Have Your Own Year of No Sugar

5 minute read

Dr. Robert Lustig is an unassuming-looking fellow with a medium build, gray hair and a laser-like focus. He’s good with Power Point and is comfortable throwing about phrases like “multivariate linear regression analysis.” As his YouTube video “Sugar: The Bitter Truth” opens, he stands at a lectern in an anonymous looking hall, looking every bit like that professor whose chemistry lectures put you to sleep every time. You’d never suspect that a 90-minute educational lecture from this man could generate some three and a half million hits, but that’s just what happened.

In the first 17 minutes, Lustig calmly drops facts like precision bombs:

  • as a society we all weigh 25 pounds more than our counterparts did 25 years ago
  • even as our total fat consumption has gone down, our obesity has continued to accelerate
  • Americans are currently consuming 63 pounds per person of high fructose corn syrup per year
  • But it isn’t until minute 20 that Lustig throws down the gauntlet: “My charge before the end of tonight is to demonstrate that fructose is a poison.”

    And thus was born our family’s Year of No Sugar.

    The concept was simple: We were not eating added sugar.
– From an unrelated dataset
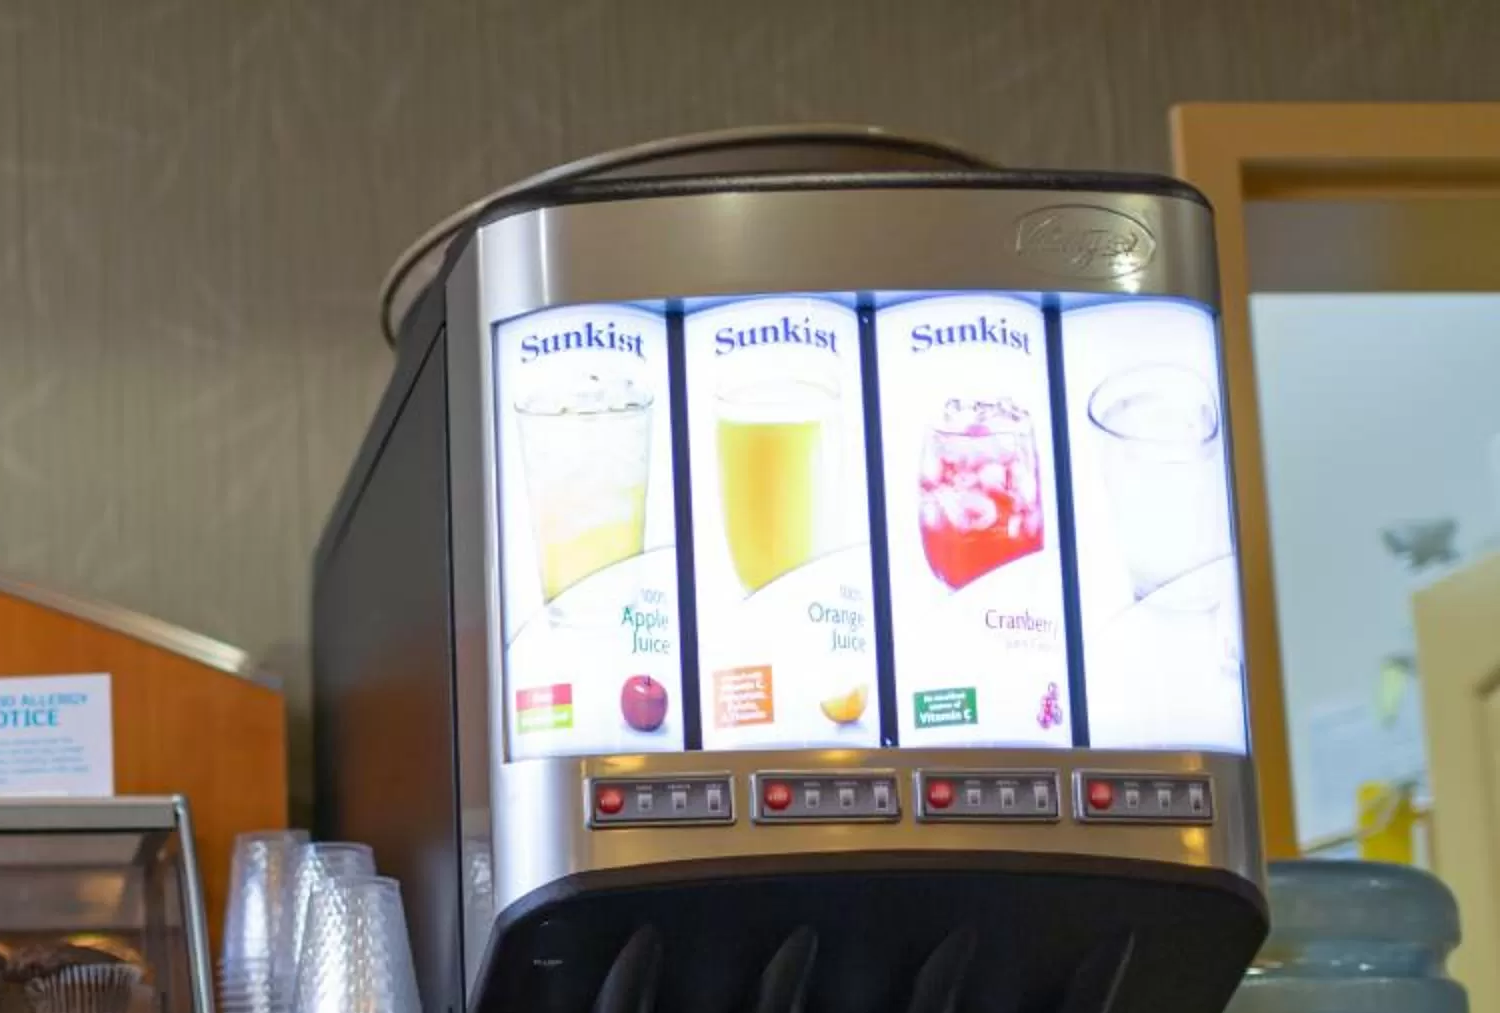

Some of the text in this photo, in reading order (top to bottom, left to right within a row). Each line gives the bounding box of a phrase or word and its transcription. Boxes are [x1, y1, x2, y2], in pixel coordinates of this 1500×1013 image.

We would not eat it in the house, we would not eat it with a mouse. No white sugar, brown sugar, cane sugar, molasses, maple syrup, honey, evaporated cane syrup, agave, brown rice syrup, artificial sweeteners of all stripes and no…not even fruit juice. Naturally occurring sugar — such as that contained in a piece of fruit — was fine, containing as it did all the beneficial fiber and micronutrients, and naturally limited the amount we ate — you’d get full before you could eat enough fructose to worry about.

    But, in the interest of family harmony, we would have some exceptions too, number one being: As a family, we would pick one dessert per month to have which contained sugar. If it was your birthday that month, you got to pick the dessert.

    Up until the year of the experiment, we — myself, my husband, and our two daughters Greta and Ilsa — were a fairly normal family when it came to food, I think. Perhaps a bit on the liberal-organic-dirt-worshipping-side, but nevertheless, still fairly middle of the road. We ate meat. We liked snacks. We liked desserts. Life is short, I reasoned, and although I have my requisite worried-Vermont-mom concerns, (hormone free beef? GMO corn? pesticides in the potatoes?) I tried to keep them in check. I didn’t want my kids growing up being afraid to live.

    So, short of going to live under a rock, what can we do? How do we learn to be “moderate” in a culture that is, every minute of every day trying to convince us that moderation is whatever you want it to be?

    Although we are no longer Sugar Abstainers, these days the four of us are what I’d call Sugar Avoiders of the First Degree. Here are a few of the things our family took away from our Year of No Sugar:

    Number one: don’t drink sugar. If we change nothing else in our culture, we should do this one thing. Not only will we be far healthier, but we’ll begin to realize what we are up against in the Sugar Wars: the ubiquity of sugar, the elevated degree of sweetness we’ve been trained to expect. Tellingly, this cuts out most of our society’s popular options: soda, juice, sugared teas, sports drinks, vitamin waters. What’s left? Water. Lots of water. More water. Milk. Unsweetened tea and coffee. And, due to its vanishingly small percentage of fructose, I hereby give you permission to include wine. You’re welcome.

    Number two: read ingredients, always. We have come to a point where it has become all too clear we cannot trust the food industry to have our best interests at heart. The more packages, boxes and bags you read, the more amazed you will be at the number of things you buy, things that are not even sweet, that contain added sugar in all its myriad guises and aliases. Think you know your favorite tomato sauce? Chicken broth? Salad dressing? Cold cuts? I’d be willing to bet if you look closely, you’re going to be surprised. The good news is there’s almost always another brand, further down the shelf, that doesn’t contain that sneaky ingredient, if you take the time to find it.

    Number three: order simply in restaurants and don’t be afraid to ask. Once you start to ask, you’ll be amazed at how much restaurant food has added sugar in it. And that’s assuming the staff even knows what’s in their own food, which is not always the case. The usual suspects? Dressings, glazes, broths, marinades and always, always the sauce.

    Number four: make sugar special. Skip the crappy cookies someone brought to the office. Try having oatmeal with bananas and raisins on top instead of brown sugar. Save your sweet tooth for that oh-so-special something that’s really worth, you know, consuming a little bit of poison for.

    Eve O. Schaub is the author of Year of No Sugar.